(Beginning of THE DATA)

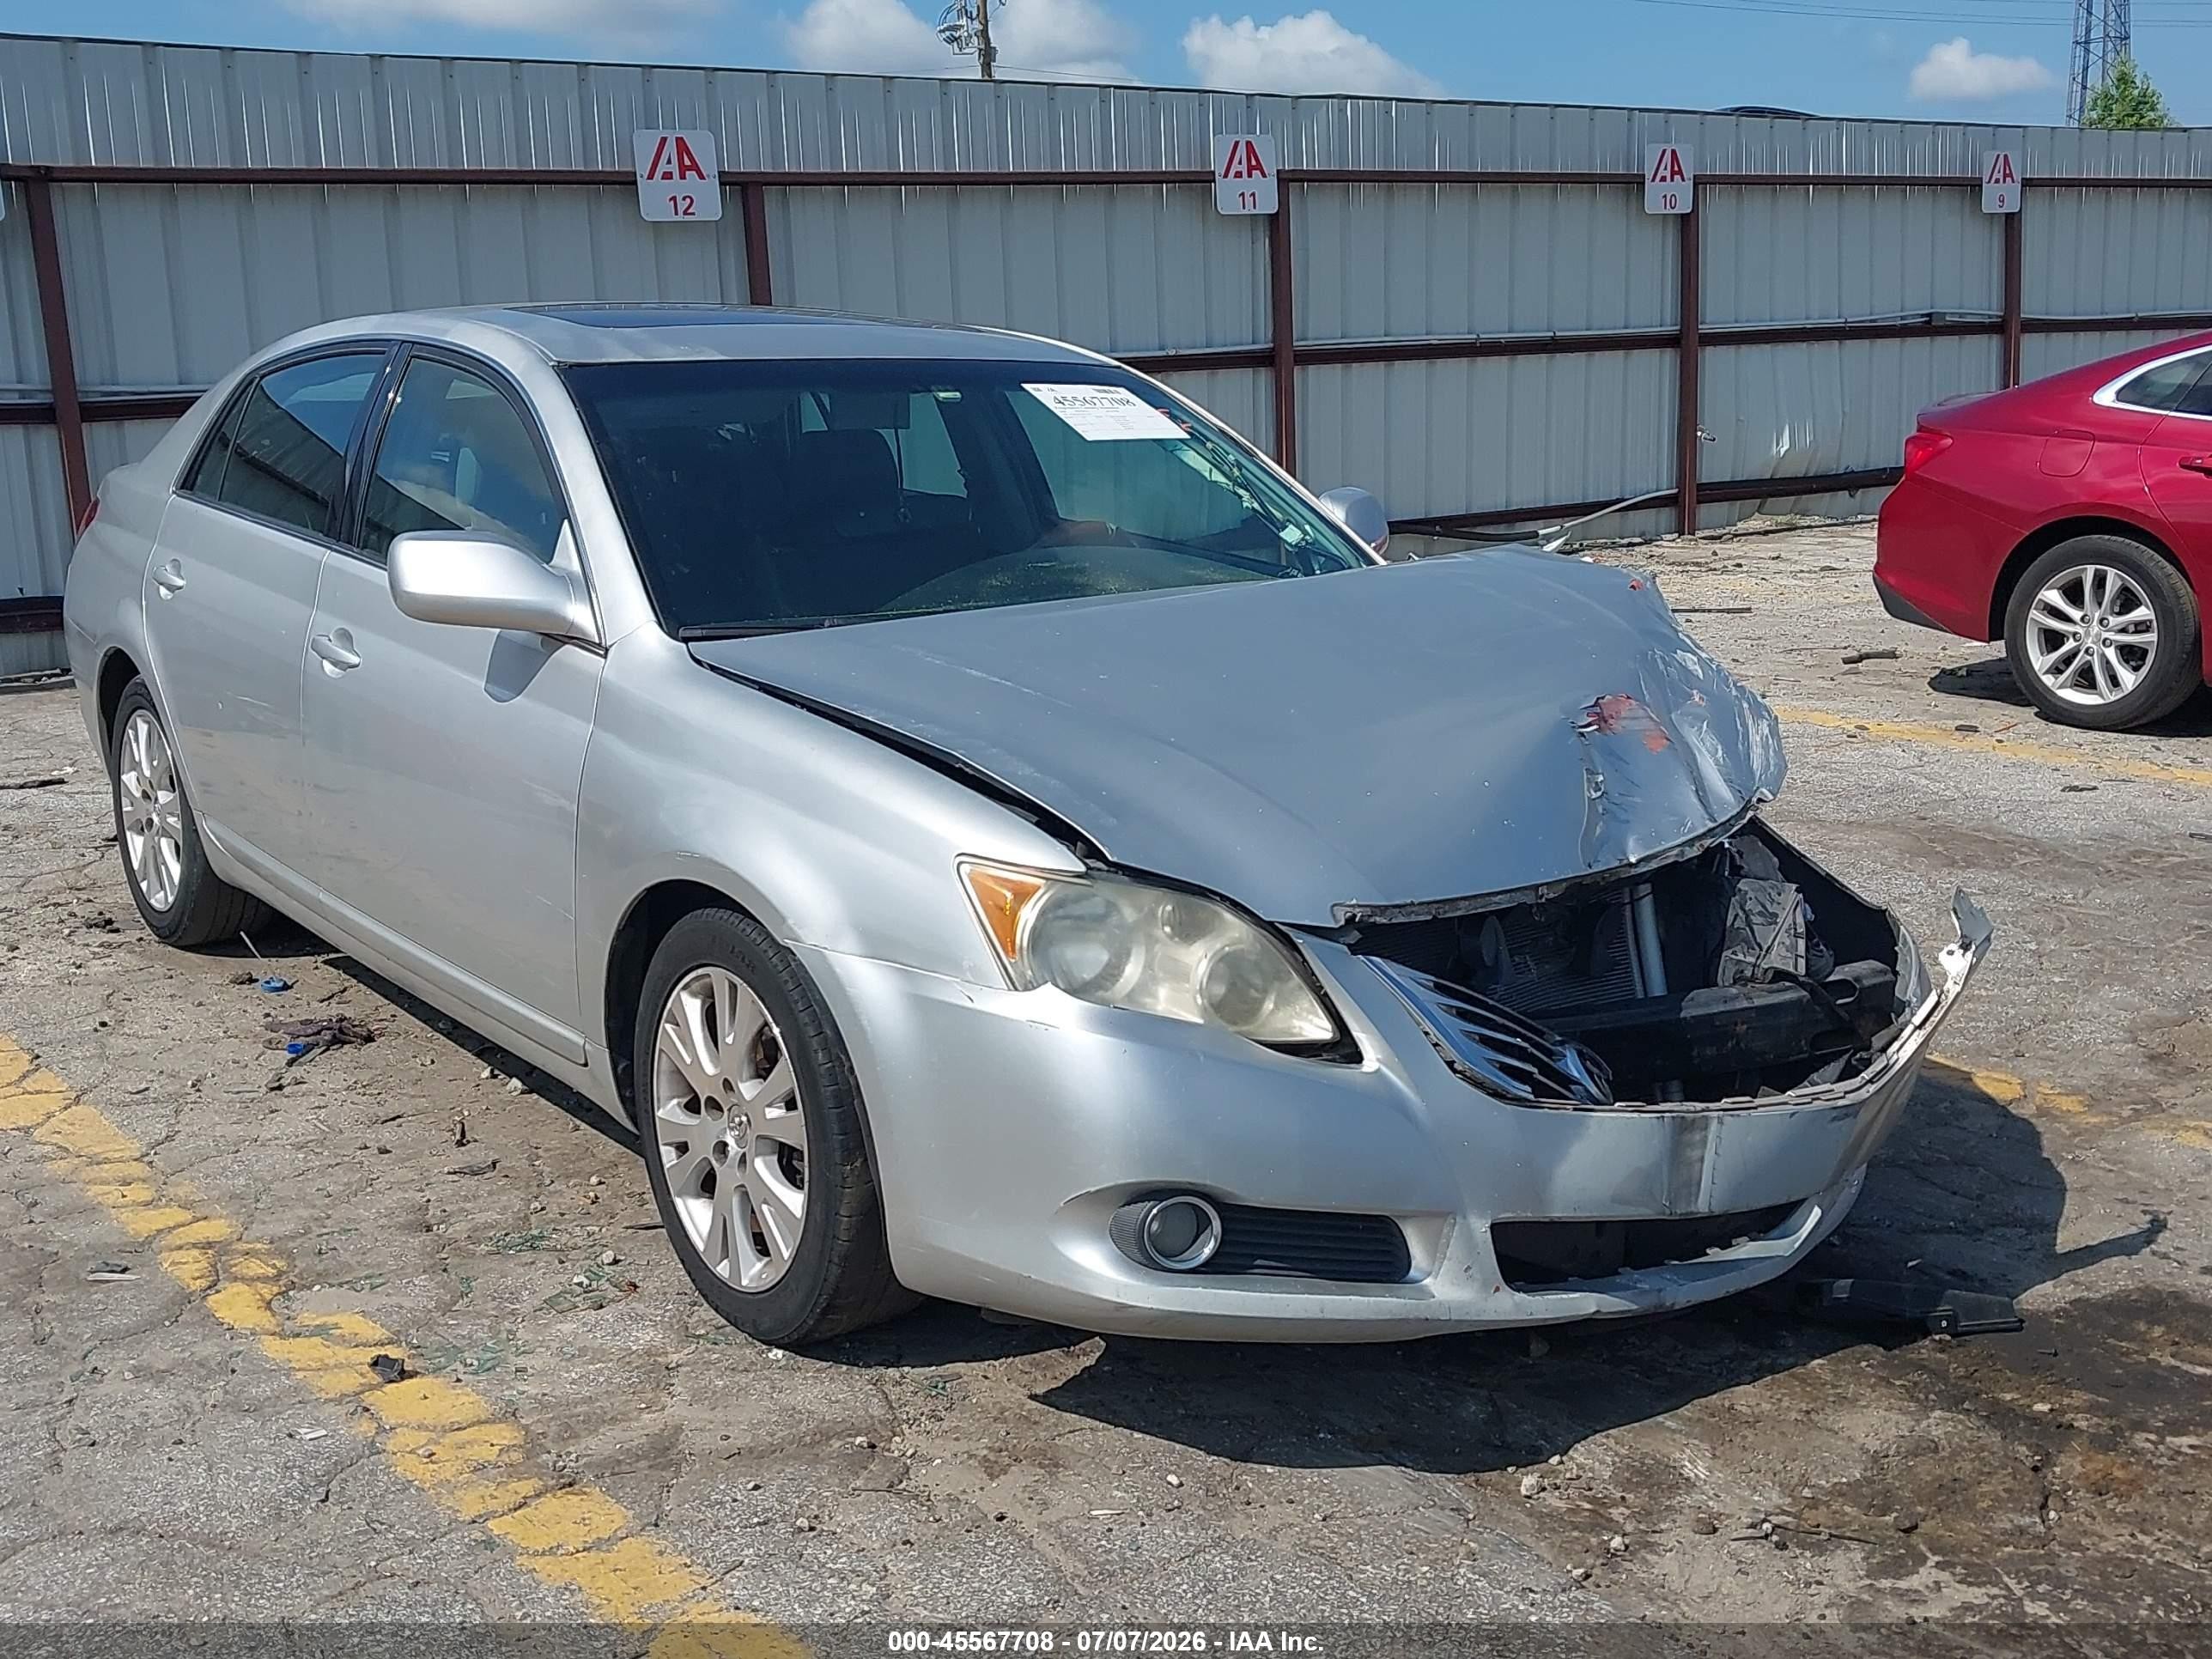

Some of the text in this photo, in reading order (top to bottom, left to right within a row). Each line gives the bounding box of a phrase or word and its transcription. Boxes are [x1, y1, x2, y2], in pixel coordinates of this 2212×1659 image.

[668, 195, 696, 216] 12
[1238, 191, 1257, 210] 11
[1662, 193, 1677, 210] 10
[1998, 193, 2006, 208] 9
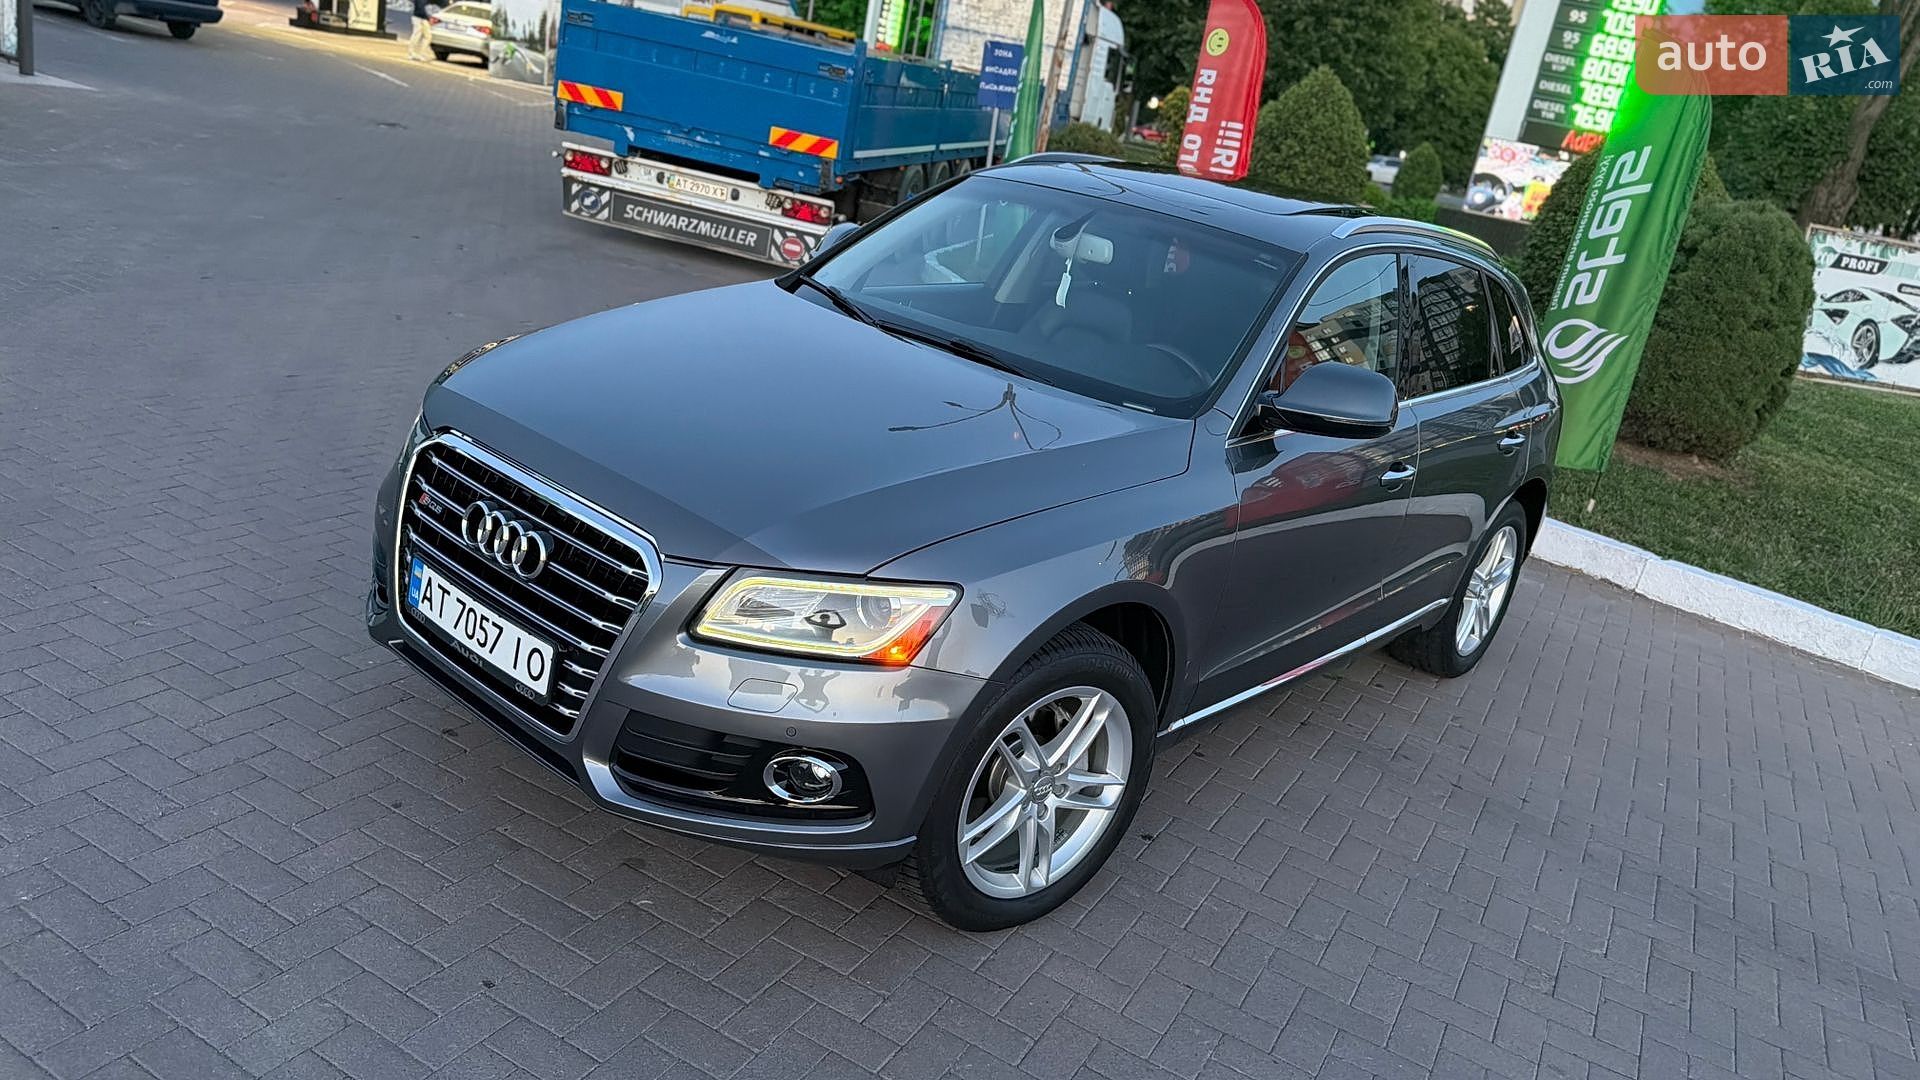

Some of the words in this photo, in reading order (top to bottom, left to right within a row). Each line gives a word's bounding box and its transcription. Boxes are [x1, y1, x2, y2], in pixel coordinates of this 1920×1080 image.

[1569, 9, 1588, 23] 95
[1602, 9, 1636, 37] 709
[994, 49, 1013, 58] ЗОНА
[1563, 30, 1581, 44] 95
[1590, 33, 1636, 63] 689
[1543, 53, 1576, 67] DIESEL
[1538, 80, 1572, 94] DIESEL
[1532, 99, 1566, 114] DIESEL
[676, 178, 688, 189] AT
[689, 182, 711, 194] 2970
[624, 204, 758, 247] SCHWARZMÜLLER
[1840, 256, 1880, 273] PROFI
[411, 590, 419, 599] UA
[421, 576, 450, 619] AT
[453, 597, 504, 655] 7057
[513, 637, 546, 682] IO

(End of THE DATA)

• REQUIRED WORK
Every line above is to be given again exactly, apart from the pictures.

• EXERCISE OUTPUT
Some of the text in this photo, in reading order (top to bottom, left to right within a row). Each line gives the bounding box of a phrase or word and its transcription. Boxes are [x1, y1, x2, y2], in pixel coordinates of this 2212×1659 image.

[668, 195, 696, 216] 12
[1238, 191, 1257, 210] 11
[1662, 193, 1677, 210] 10
[1998, 193, 2006, 208] 9

Some of the words in this photo, in reading order (top to bottom, left to right within a row). Each line gives a word's bounding box and its transcription. Boxes are [x1, y1, x2, y2], in pixel coordinates of this 1920×1080 image.

[1569, 9, 1588, 23] 95
[1602, 9, 1636, 37] 709
[994, 49, 1013, 58] ЗОНА
[1563, 30, 1581, 44] 95
[1590, 33, 1636, 63] 689
[1543, 53, 1576, 67] DIESEL
[1538, 80, 1572, 94] DIESEL
[1532, 99, 1566, 114] DIESEL
[676, 178, 688, 189] AT
[689, 182, 711, 194] 2970
[624, 204, 758, 247] SCHWARZMÜLLER
[1840, 256, 1880, 273] PROFI
[411, 590, 419, 599] UA
[421, 576, 450, 619] AT
[453, 597, 504, 655] 7057
[513, 637, 546, 682] IO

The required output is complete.